◆ **Problem description**
Using the data beneath, show every line that includes the word "text".

◆ **Extracted entries**
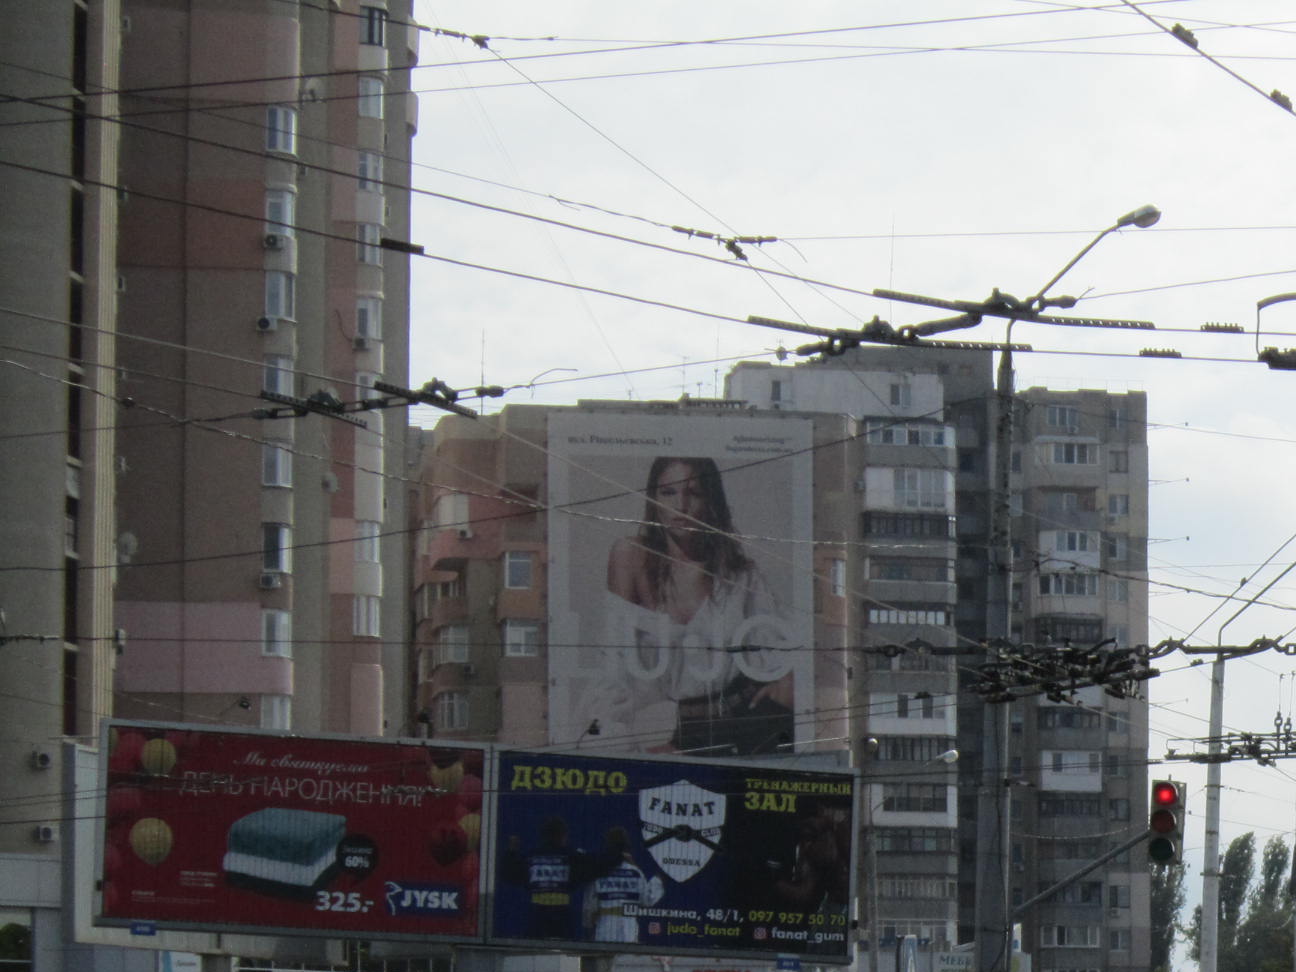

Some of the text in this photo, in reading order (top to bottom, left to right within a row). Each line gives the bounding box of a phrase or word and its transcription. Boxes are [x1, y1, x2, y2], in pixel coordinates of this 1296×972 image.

[511, 766, 629, 797] ДЗЮДО
[649, 796, 716, 817] FANAT
[744, 792, 798, 814] ЗАЛ
[344, 856, 369, 870] 60%
[662, 856, 702, 868] ODESSA
[401, 888, 459, 911] JYSK
[623, 904, 847, 926] Шишкина, 48/1, 097 957 50 70
[667, 922, 742, 938] judo_fanat
[771, 927, 845, 944] fanat_gum
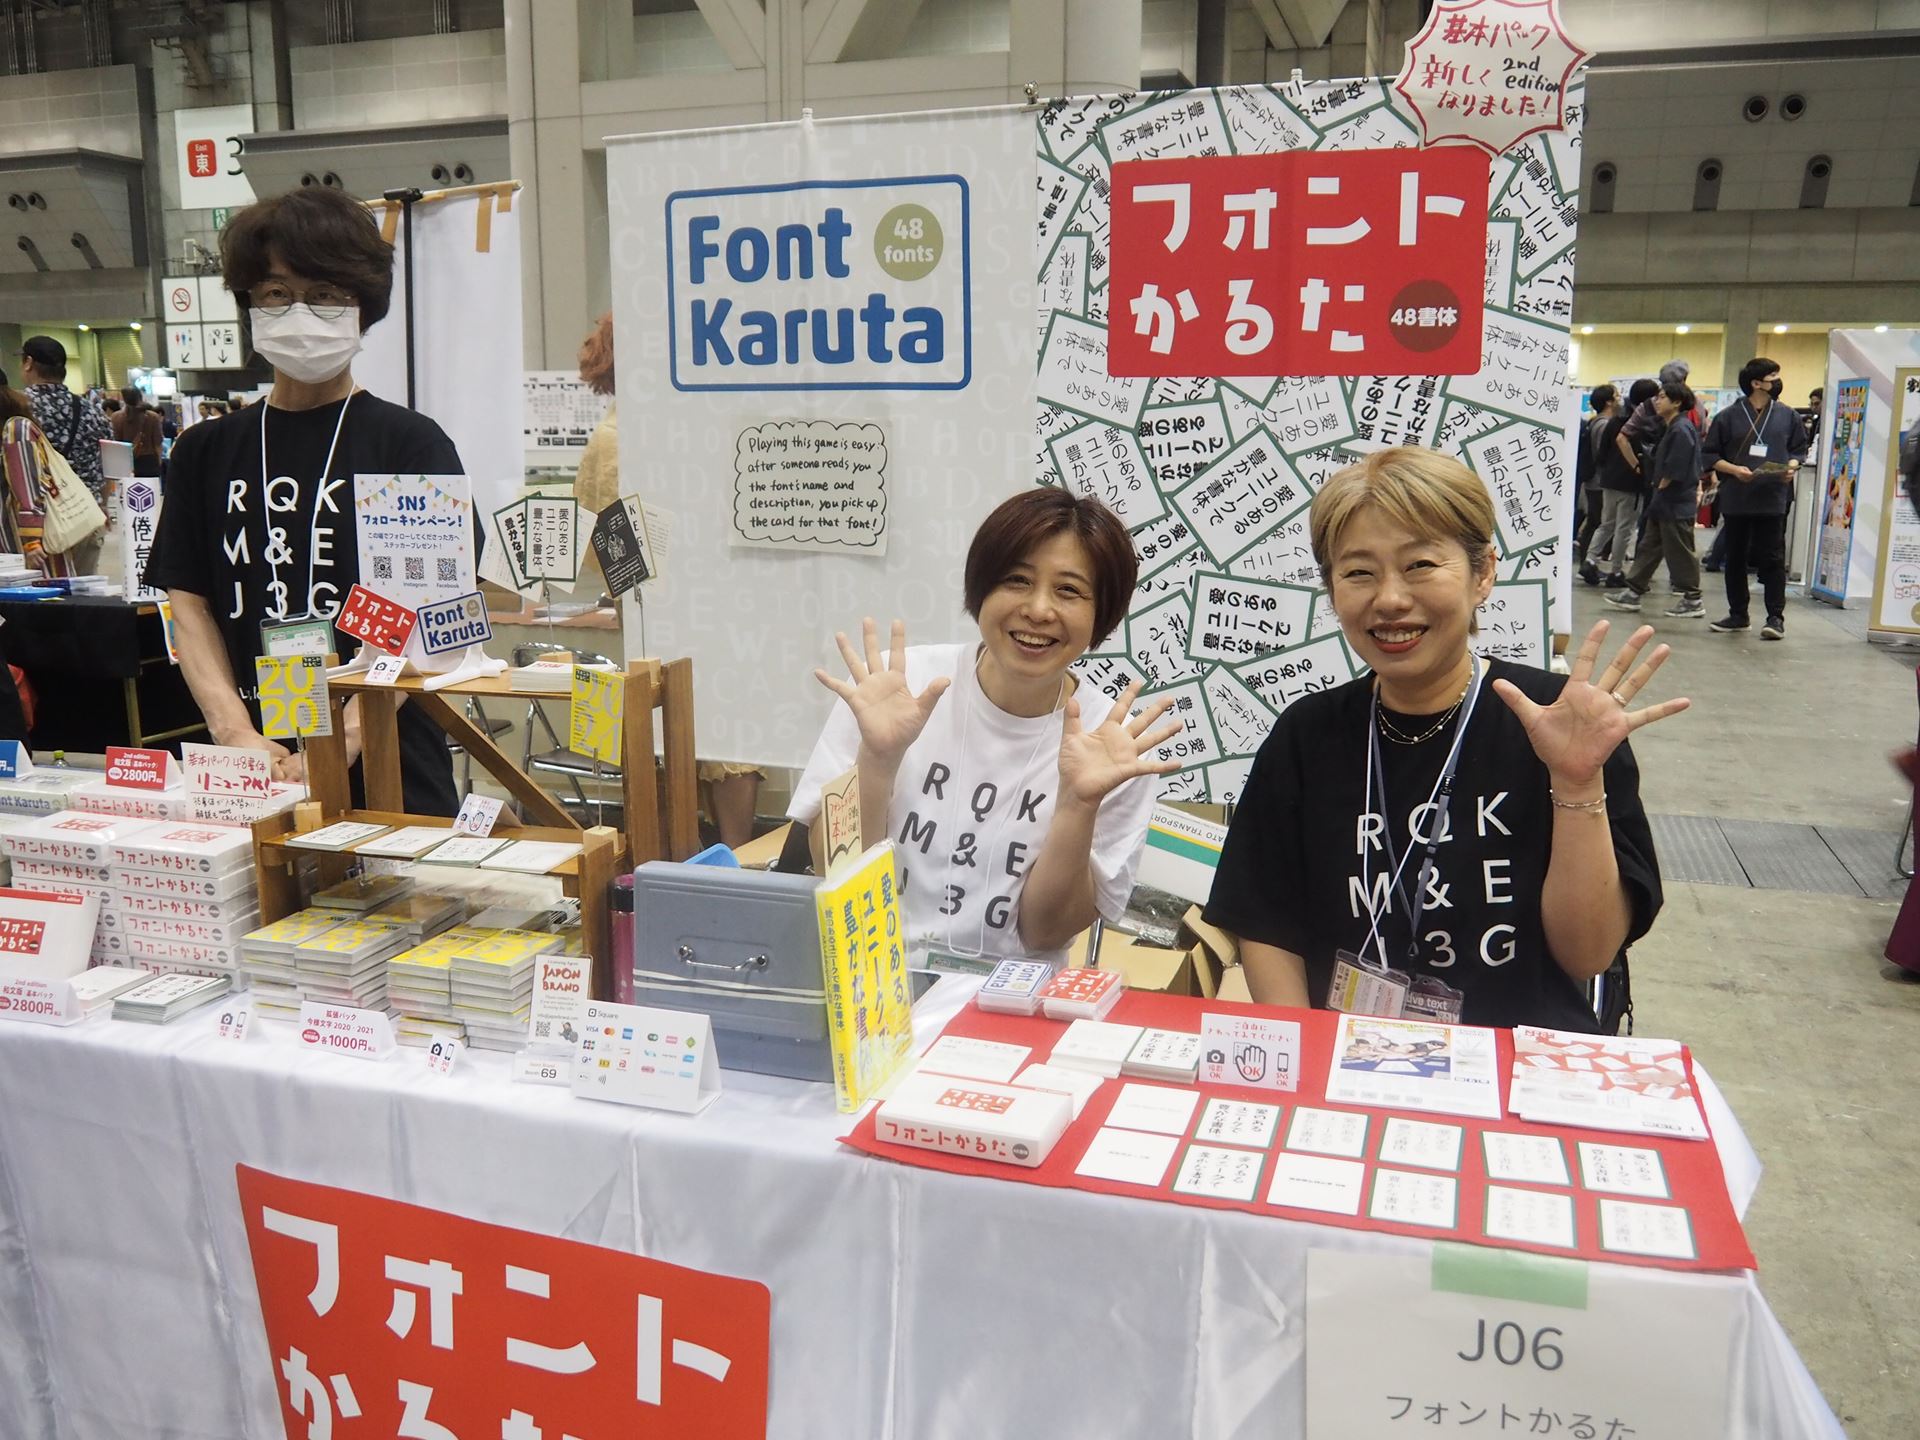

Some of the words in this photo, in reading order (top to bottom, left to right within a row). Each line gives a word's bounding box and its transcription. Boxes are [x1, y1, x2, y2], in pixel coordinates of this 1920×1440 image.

[1442, 13, 1550, 50] 基本パック
[1420, 54, 1491, 89] 新しく
[1502, 55, 1541, 72] 2nd
[1505, 74, 1562, 94] edition
[1437, 90, 1552, 118] なりました!
[1117, 102, 1205, 151] 豊かな書体。
[195, 153, 210, 173] 東
[226, 136, 244, 176] 3
[1132, 172, 1465, 254] フォント
[893, 217, 925, 241] 48
[688, 207, 852, 285] Font
[883, 243, 935, 265] fonts
[1129, 278, 1365, 356] かるた
[1390, 306, 1458, 329] 48書体
[691, 292, 944, 367] Karuta
[1066, 382, 1130, 414] 愛のある
[1485, 379, 1560, 413] 愛のある
[1138, 415, 1206, 437] 愛のある
[748, 436, 788, 453] Playing
[792, 435, 811, 449] this
[814, 438, 838, 453] game
[840, 438, 849, 450] is
[747, 459, 776, 473] after
[780, 460, 820, 470] someone
[822, 457, 850, 470] reads
[852, 462, 872, 474] you
[1104, 427, 1142, 492] 愛のある
[748, 481, 767, 492] the
[770, 479, 800, 491] font's
[802, 481, 829, 491] name
[834, 480, 855, 491] and
[1086, 437, 1129, 517] ユニークで
[1190, 446, 1268, 516] 豊かな書体。
[1507, 438, 1552, 521] ユニークで
[227, 479, 248, 514] R
[265, 476, 299, 512] Q
[314, 478, 346, 513] K
[1209, 467, 1279, 527] ユニークで
[1482, 444, 1535, 538] 豊かな書体。
[397, 495, 426, 512] SNS
[628, 503, 637, 516] K
[749, 497, 814, 511] description,
[819, 500, 839, 511] you
[841, 497, 864, 512] pick
[866, 500, 879, 512] up
[1234, 484, 1296, 535] 愛のある
[362, 514, 463, 528] フォローキャンペーン!
[558, 508, 569, 557] 愛のある
[632, 520, 640, 532] E
[749, 516, 768, 527] the
[770, 516, 794, 527] card
[799, 515, 814, 528] for
[817, 517, 840, 527] that
[845, 516, 877, 531] font!
[223, 525, 251, 566] M
[264, 527, 294, 565] &
[313, 527, 334, 566] E
[545, 508, 556, 567] ユニークで
[229, 582, 244, 619] J
[264, 580, 289, 619] 3
[310, 581, 341, 620] G
[354, 590, 411, 629] フォント
[1209, 587, 1278, 612] 愛のある
[344, 611, 389, 645] かるた
[423, 604, 464, 628] Font
[1208, 611, 1291, 637] ユニークで
[428, 621, 486, 649] Karuta
[260, 656, 316, 696] 20
[1246, 658, 1313, 691] 愛のある
[262, 697, 319, 737] 20
[188, 752, 230, 768] 基本パック
[233, 756, 267, 773] 48書体
[122, 768, 157, 783] 2800円
[15, 796, 51, 809] Karuta
[922, 762, 951, 800] R
[970, 782, 998, 822] Q
[1016, 789, 1046, 822] K
[80, 796, 155, 814] フォントかるた
[1356, 813, 1385, 855] R
[1477, 792, 1513, 837] K
[7, 839, 83, 859] フォントかるた
[899, 811, 937, 854] M
[952, 832, 978, 868] &
[1005, 841, 1027, 878] E
[17, 861, 96, 880] フォントかるた
[116, 850, 196, 870] フォントかるた
[121, 873, 201, 894] フォントかるた
[1348, 872, 1392, 918] M
[1414, 866, 1454, 911] &
[1483, 859, 1513, 904] E
[123, 896, 205, 917] フォントかるた
[939, 884, 966, 915] 3
[984, 896, 1011, 929] G
[1, 921, 42, 935] フォント
[129, 917, 209, 940] フォントかるた
[134, 940, 214, 962] フォントかるた
[1424, 930, 1457, 968] 3
[1479, 924, 1517, 967] G
[28, 980, 48, 988] edition
[543, 964, 581, 980] JAPON
[989, 961, 1017, 989] Karuta
[1017, 963, 1042, 983] Font
[543, 982, 580, 993] BRAND
[1069, 971, 1105, 1001] フォント
[12, 998, 54, 1015] 2800円
[325, 1009, 357, 1021] 拡張パック
[598, 1010, 619, 1019] Square
[1426, 997, 1448, 1010] text
[1207, 1027, 1294, 1043] さわってみてください
[1235, 1021, 1267, 1032] ご自由に
[321, 1034, 368, 1051] 各1000円
[541, 1068, 557, 1079] 69
[1242, 1064, 1261, 1077] OK
[1276, 1072, 1289, 1080] SNS
[1276, 1079, 1288, 1087] OK
[943, 1097, 989, 1111] かるた
[950, 1089, 1010, 1105] フォント
[885, 1121, 1007, 1157] フォントかるた
[262, 1205, 731, 1406] フォント
[1457, 1318, 1564, 1372] J06
[1386, 1395, 1637, 1440] フォントかるた

◆ **Your response**
Some of the text in this photo, in reading order (top to bottom, left to right within a row). Each line gives the bounding box of a phrase or word and its transcription. Boxes are [x1, y1, x2, y2], in pixel coordinates of this 1296×972 image.
[1426, 997, 1448, 1010] text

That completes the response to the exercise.